Most previous studies investigating the outbreak of the 2009 A(H1N1)v influenza virus in Mexico have focused on studying critically ill patients: Chowell et al reviewed 2155 records from the Mexican National Epidemiological Surveillance System (SINAVE) between March 24th and 29th 2009 and reported an increased rate of severe pneumonia in patients between 5 and 59 years [12]. In parallel, Perez-Padilla et al. reported 18 cases of pneumonia, 7 of who died between March 24th and April 24th, among 98 patients hospitalized for acute respiratory disease [13]. Subsequently, a study conducted in 6 hospitals between March 24th and June 1, 2009, showed that 58 infected out of 899 hospitalized patients developed critical illness [14]. In a larger study conducted at the Instituto Mexicano del Seguro Social by Echevaria-Zuno et al. reported 6945 cases with the 2009 A(H1N1) influenza virus with <1% who died and 7% were hospitalized [15].
The present study describes 202 cases of influenza A (H1N1)v which occurred early during the outbreak of this novel virus in Mexico City and its eventual spread throughout Mexico and discuss it in the context of a mass gathering of 2 million people which took place in Iztapalapa, Mexico City, during the Easter season (5–11 of April, 2009).

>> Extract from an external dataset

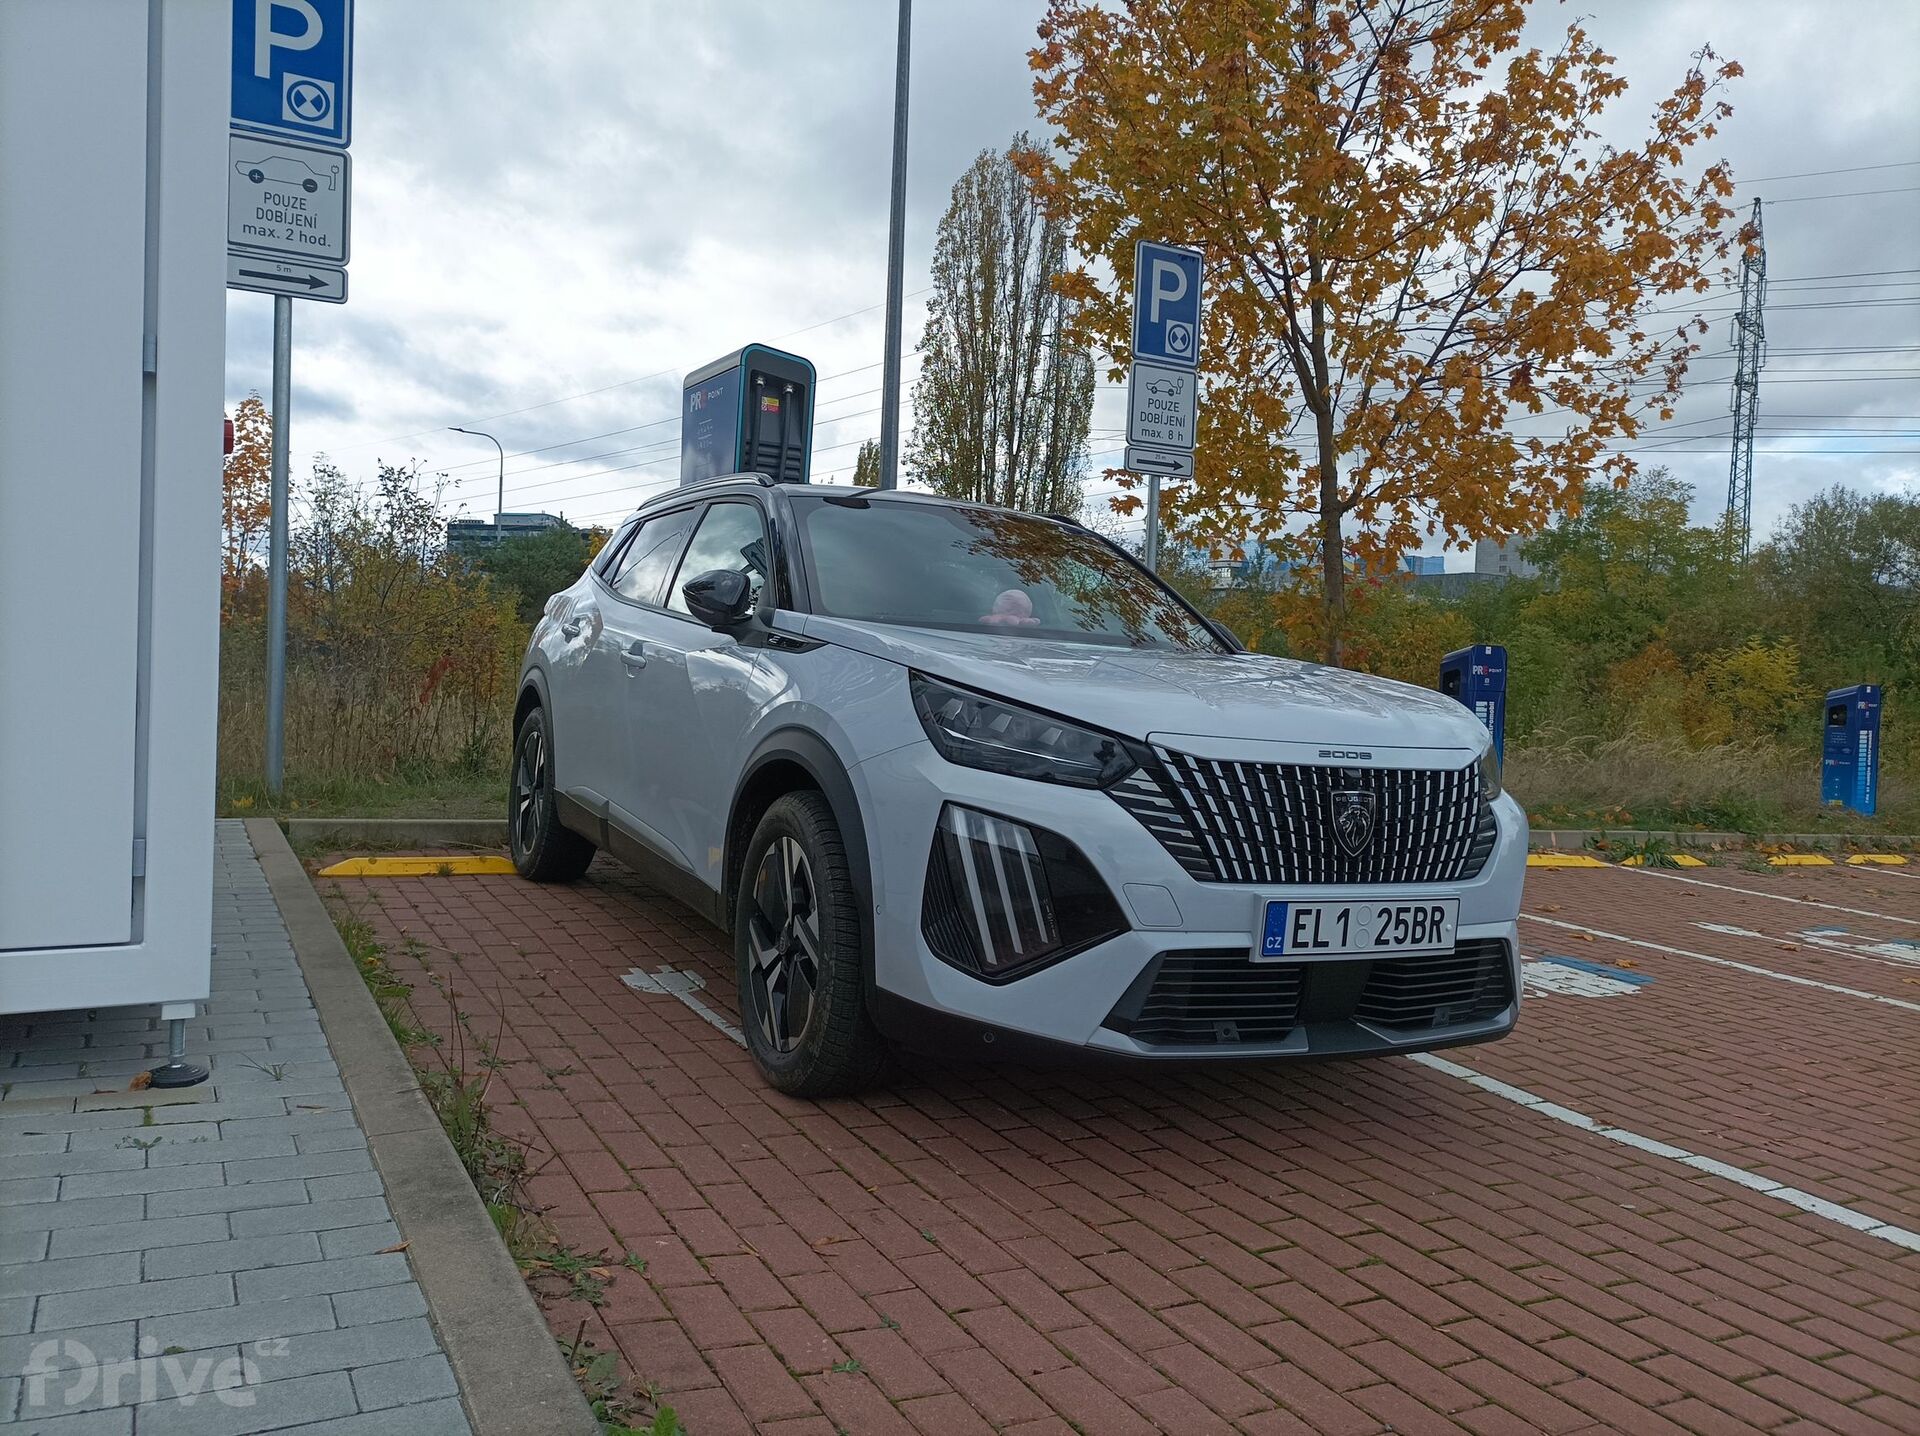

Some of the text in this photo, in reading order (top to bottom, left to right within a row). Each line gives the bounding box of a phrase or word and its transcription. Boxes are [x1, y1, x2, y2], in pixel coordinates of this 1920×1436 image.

It is well established that mass gatherings present a particular challenge for public health, with unusual population increase, high crowd density, visitors, temporary catering and accommodation facilities contributing to an increased in the transmission of communicable diseases [16]. A previous study conducted during a mass gathering of people in Sydney Australia [17], held from 15 to 20 July 2008 (the Sydney World Youth day), showed that undertaking appropriate preparedness plans reduces substantially the impact of influenza virus infection. We hypothesize that the mass gathering which took place in Iztapalapa could have contributed to the spread on the virus.
Methods
Subjects
Seven hundred and fifty one individuals, who sought medical care from May 1st to May 5th at 220 outpatient clinics and 28 hospitals distributed throughout Mexico City, participated in this study. Nasophariyngeal-swab samples were taken from patients upon arrival at the clinics. Specimens were homogenized in virus transport medium and kept on ice before diagnosis. The age range of the subjects was from 5 to 70 years. The study was approved by the Superior School of Medicine, Instituto Politécnico Nacional Ethical Committee and written informed consent was obtained from all subjects.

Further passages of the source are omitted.